*PROBLEM TO WORK ON:*
Leave out the images and set down the records below exactly.

*THE RECORDS:*
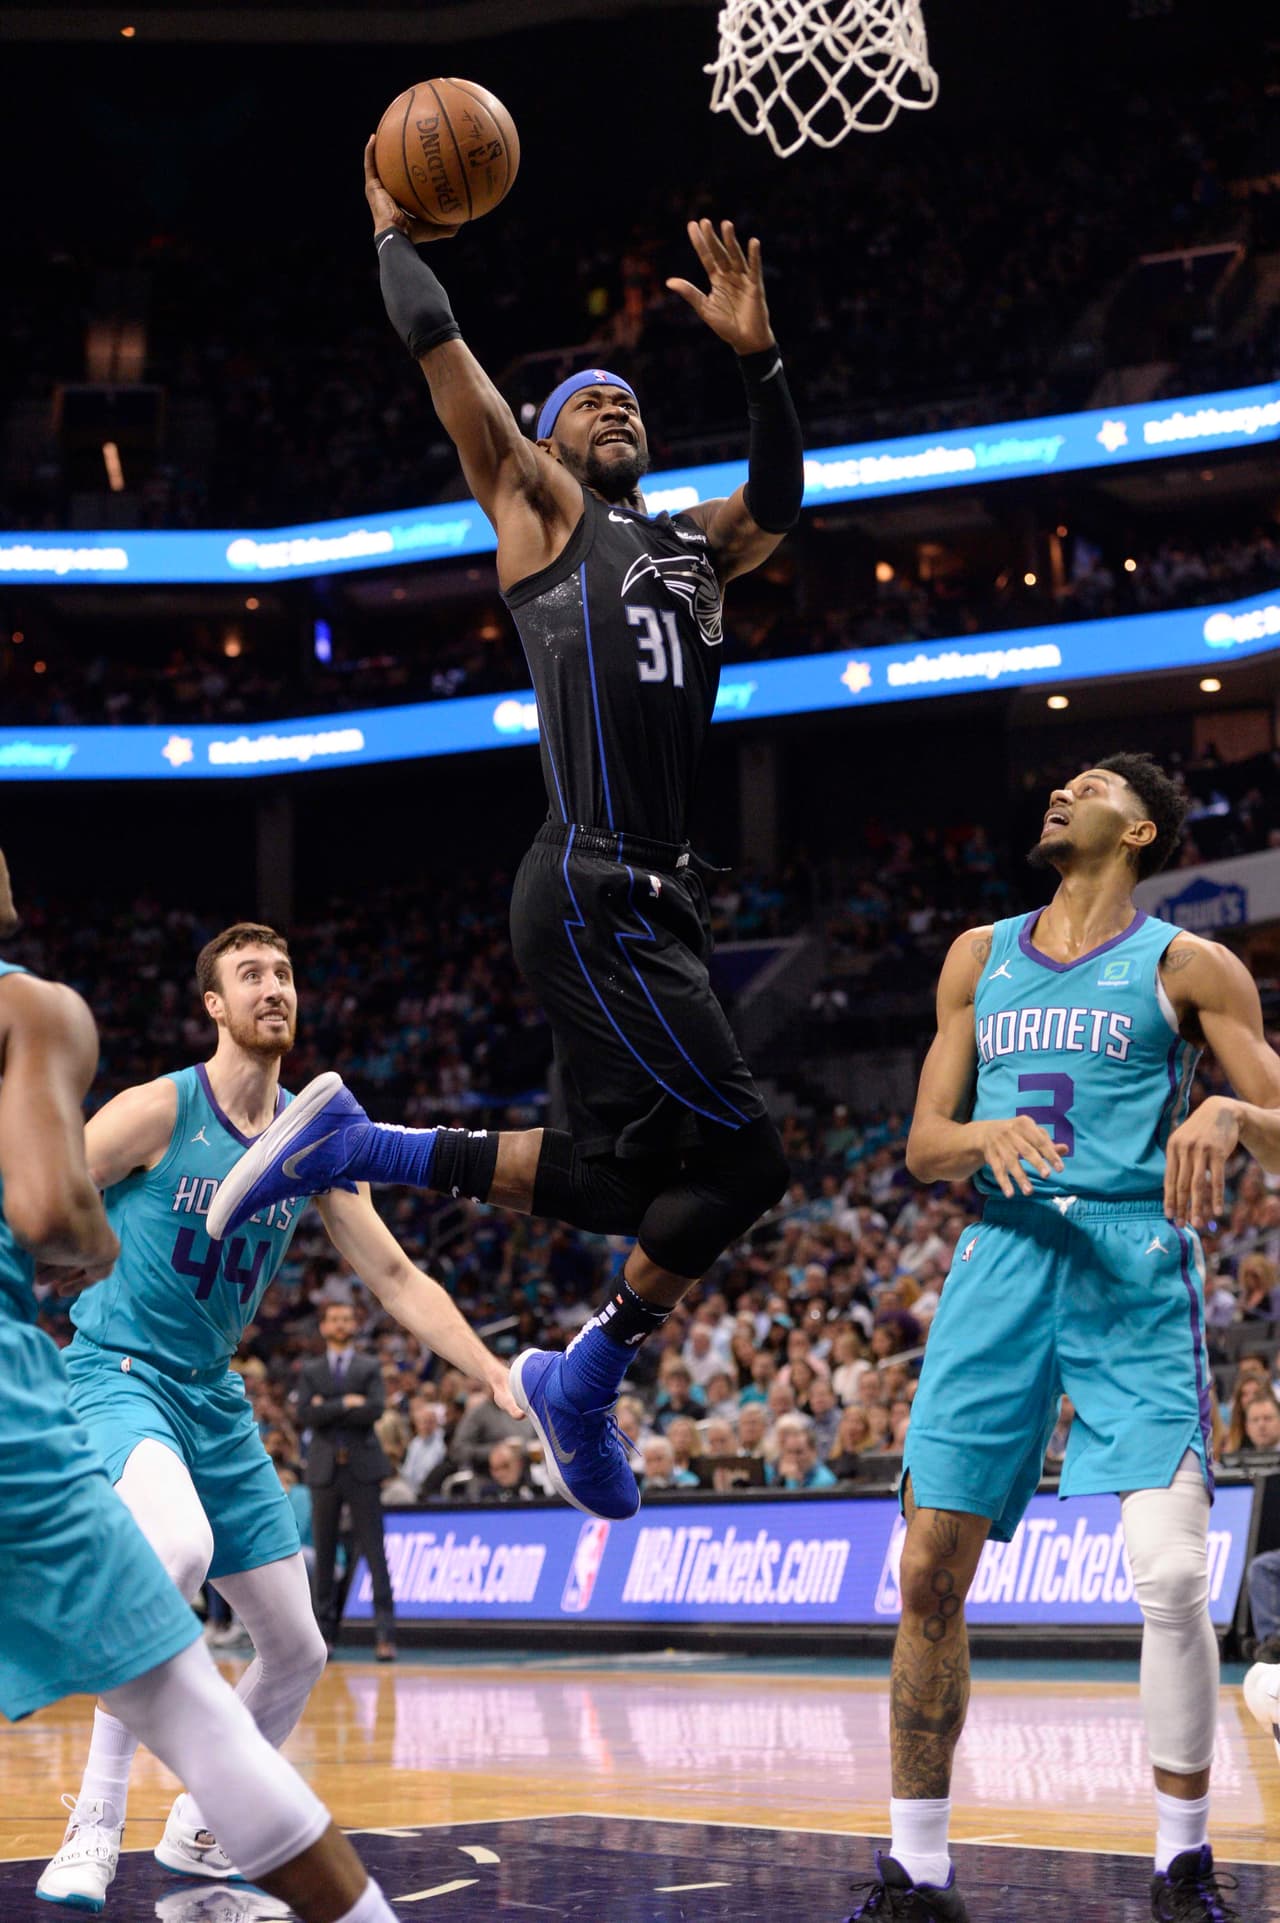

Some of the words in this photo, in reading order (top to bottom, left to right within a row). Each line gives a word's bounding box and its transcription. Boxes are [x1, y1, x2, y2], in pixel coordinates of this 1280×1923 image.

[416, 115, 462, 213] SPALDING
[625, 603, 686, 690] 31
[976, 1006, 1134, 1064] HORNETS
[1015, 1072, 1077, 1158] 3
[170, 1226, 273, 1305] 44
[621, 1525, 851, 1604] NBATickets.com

*RESULT:*
Some of the words in this photo, in reading order (top to bottom, left to right within a row). Each line gives a word's bounding box and its transcription. Boxes are [x1, y1, x2, y2], in pixel coordinates of this 1280×1923 image.

[416, 115, 462, 213] SPALDING
[625, 603, 686, 690] 31
[976, 1006, 1134, 1064] HORNETS
[1015, 1072, 1077, 1158] 3
[170, 1226, 273, 1305] 44
[621, 1525, 851, 1604] NBATickets.com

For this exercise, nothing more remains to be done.